(Saved data entries)
-=-=-=-=-

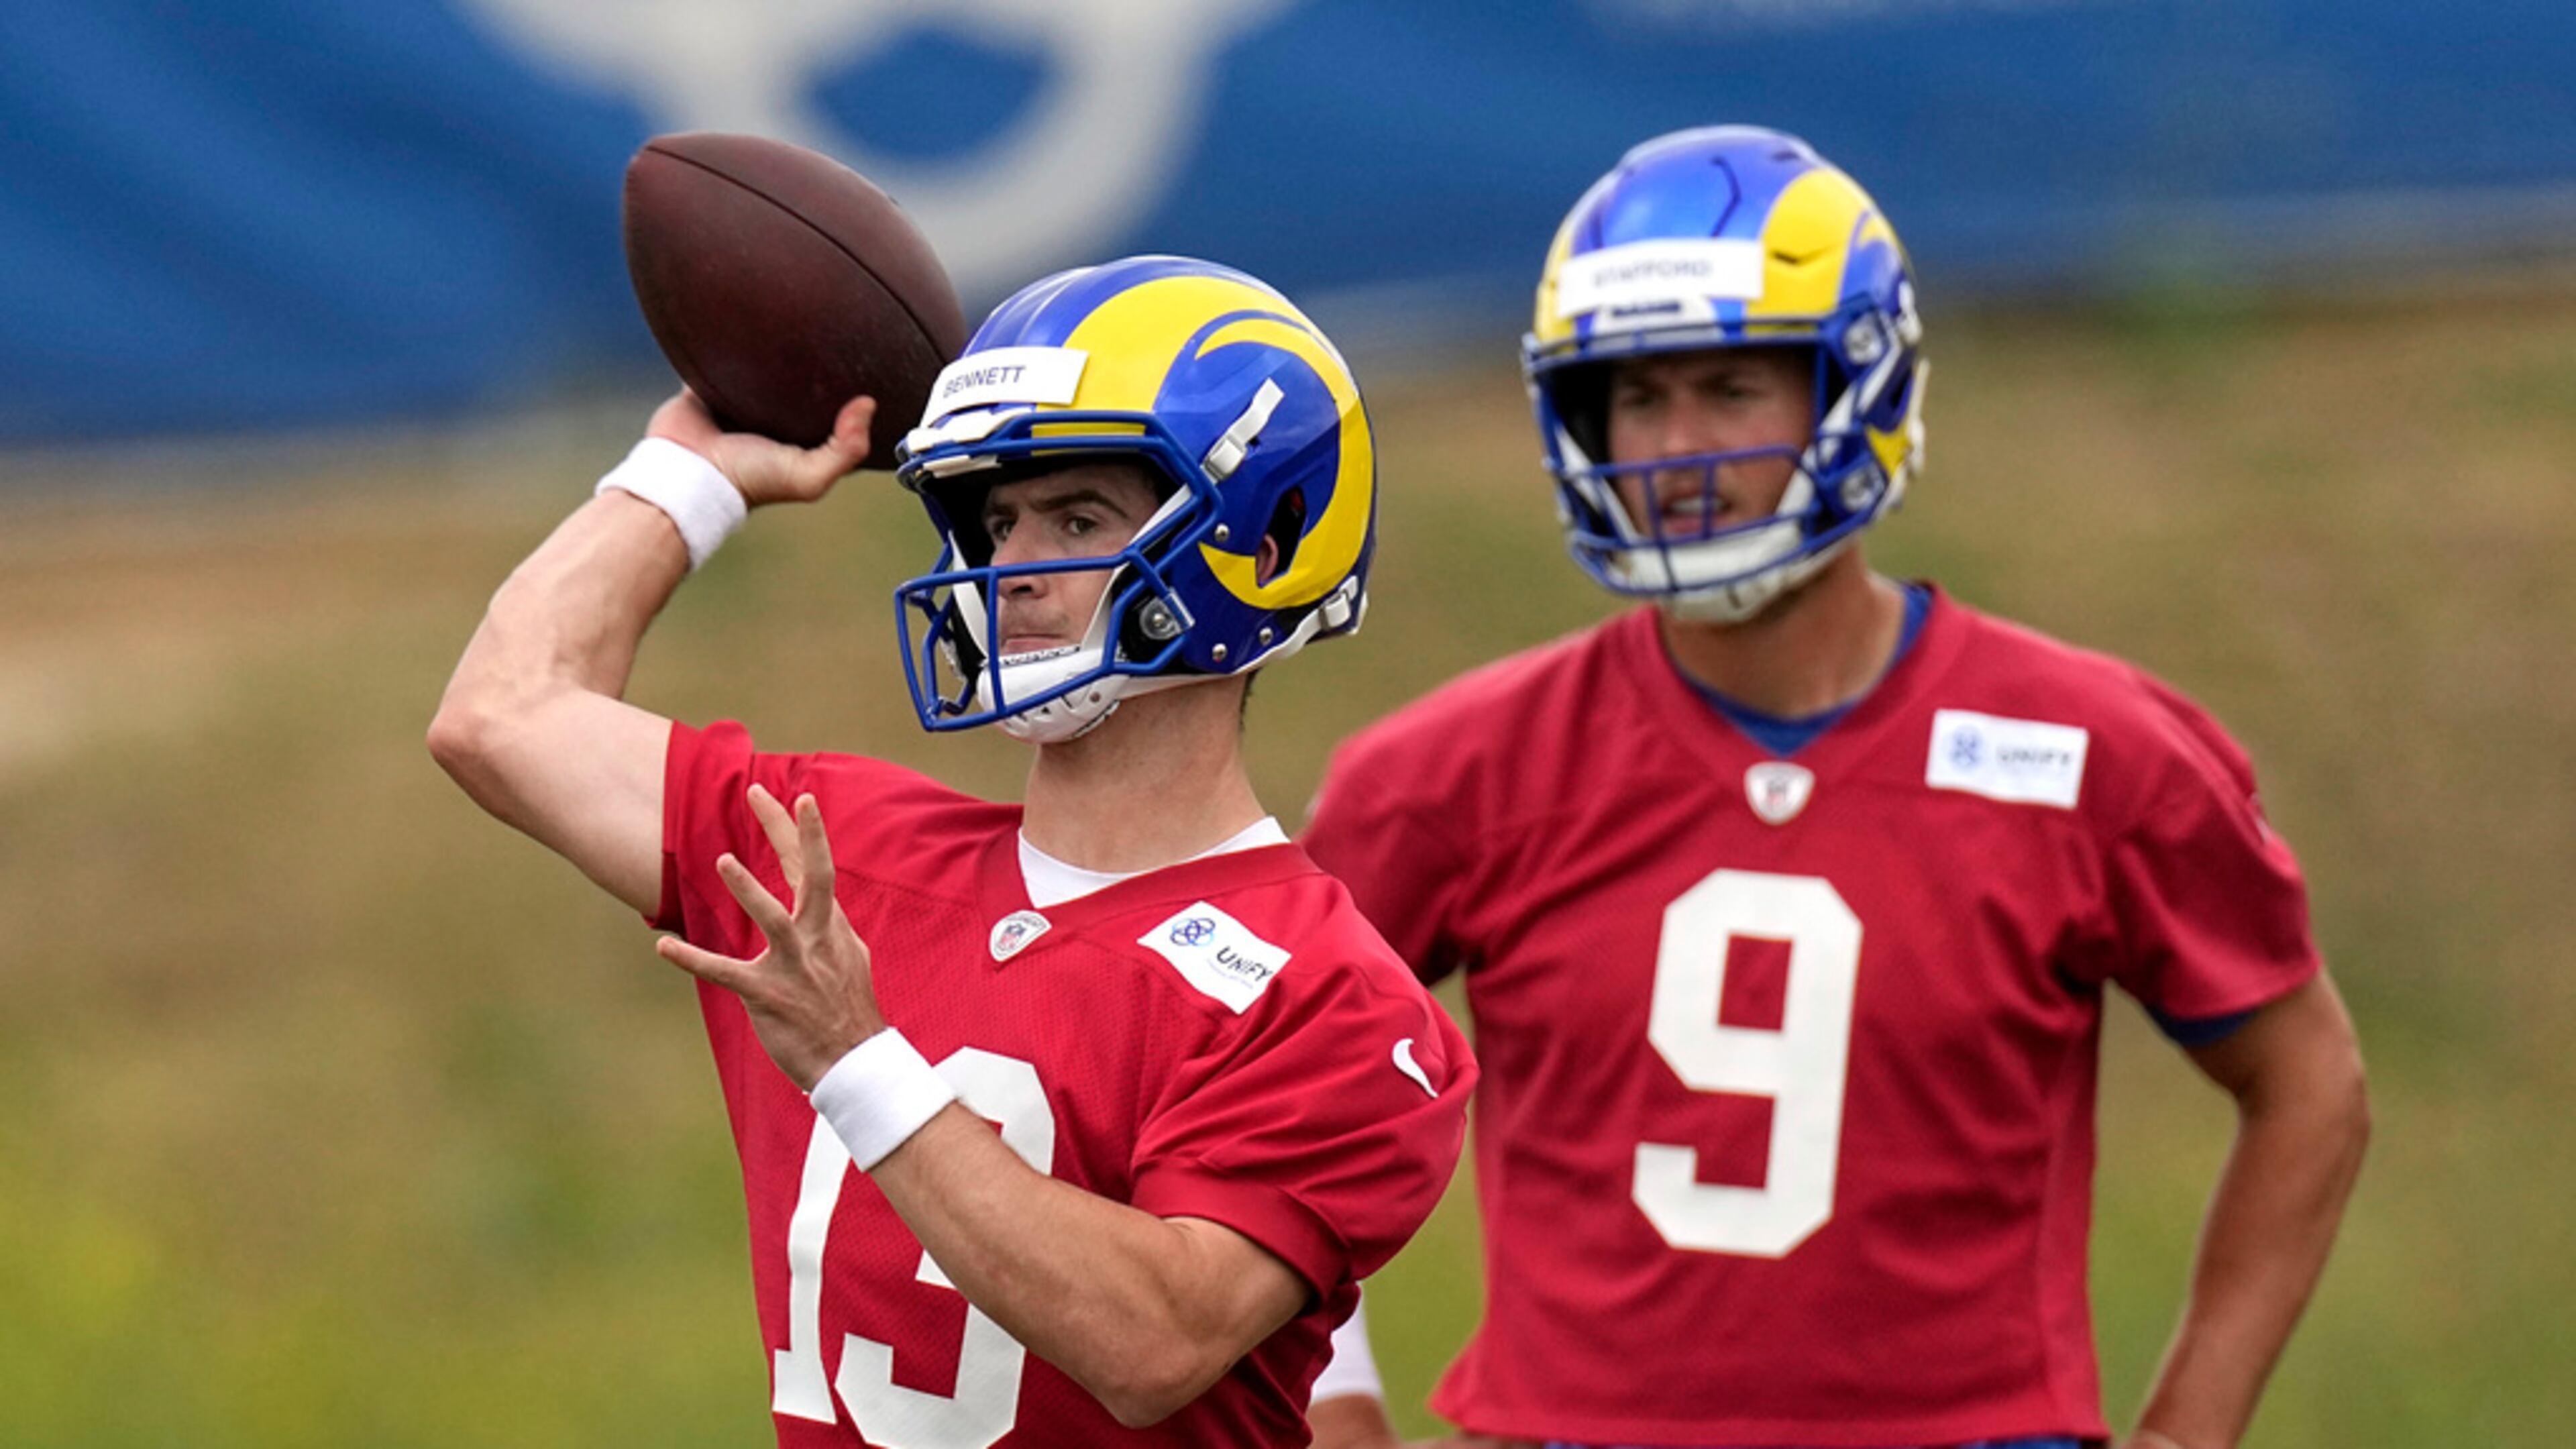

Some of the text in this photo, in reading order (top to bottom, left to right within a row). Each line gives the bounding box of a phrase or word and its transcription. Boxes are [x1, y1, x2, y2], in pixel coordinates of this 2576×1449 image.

[1593, 258, 1712, 288] STAFFORD
[943, 364, 1026, 398] BENNETT
[1216, 945, 1273, 981] UNIFY
[1631, 868, 1864, 1259] 9
[772, 1046, 1055, 1449] 13
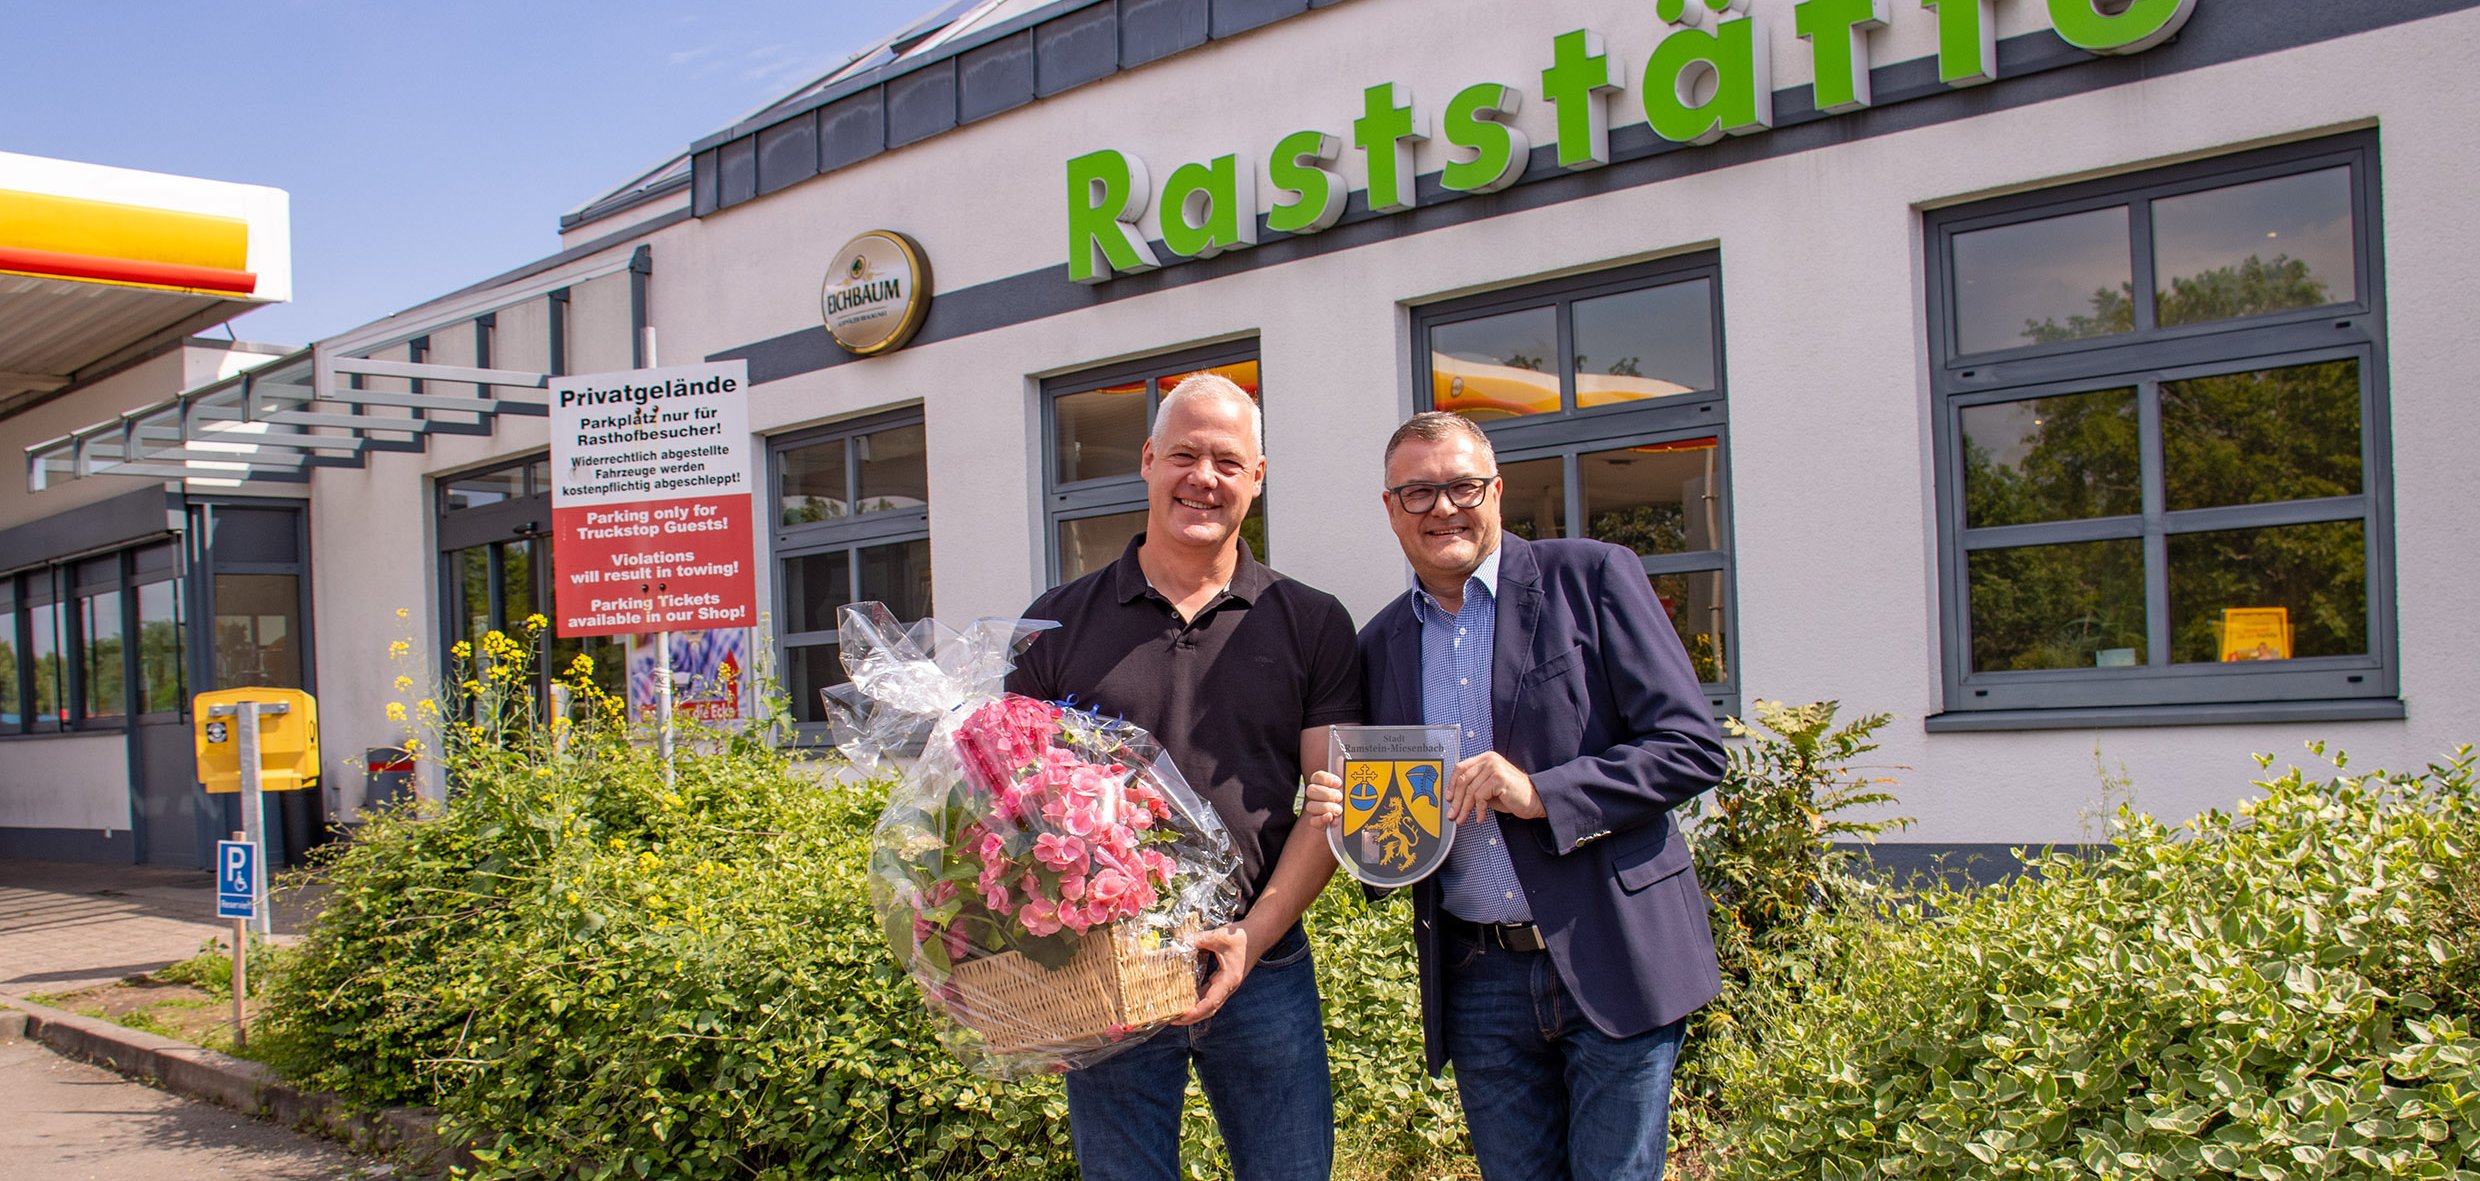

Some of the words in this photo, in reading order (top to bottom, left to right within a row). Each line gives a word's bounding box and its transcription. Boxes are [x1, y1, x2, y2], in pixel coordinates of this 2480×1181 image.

-=-=-=-=-

## [Task]
Leaving aside the images, write out every entry above exactly.

## [Task result]
Some of the text in this photo, in reading order (top to bottom, left to right within a row). Each line gives the bounding box of a phrase or word and its transcription. Boxes are [x1, y1, x2, y2], in pixel coordinates of this 2576×1449 image.

[1593, 258, 1712, 288] STAFFORD
[943, 364, 1026, 398] BENNETT
[1216, 945, 1273, 981] UNIFY
[1631, 868, 1864, 1259] 9
[772, 1046, 1055, 1449] 13

Some of the words in this photo, in reading order (top to bottom, left to right within a row). Each line gives a word's bounding box and its transcription. Boxes are [x1, y1, x2, y2], in pixel coordinates of this 2480×1181 image.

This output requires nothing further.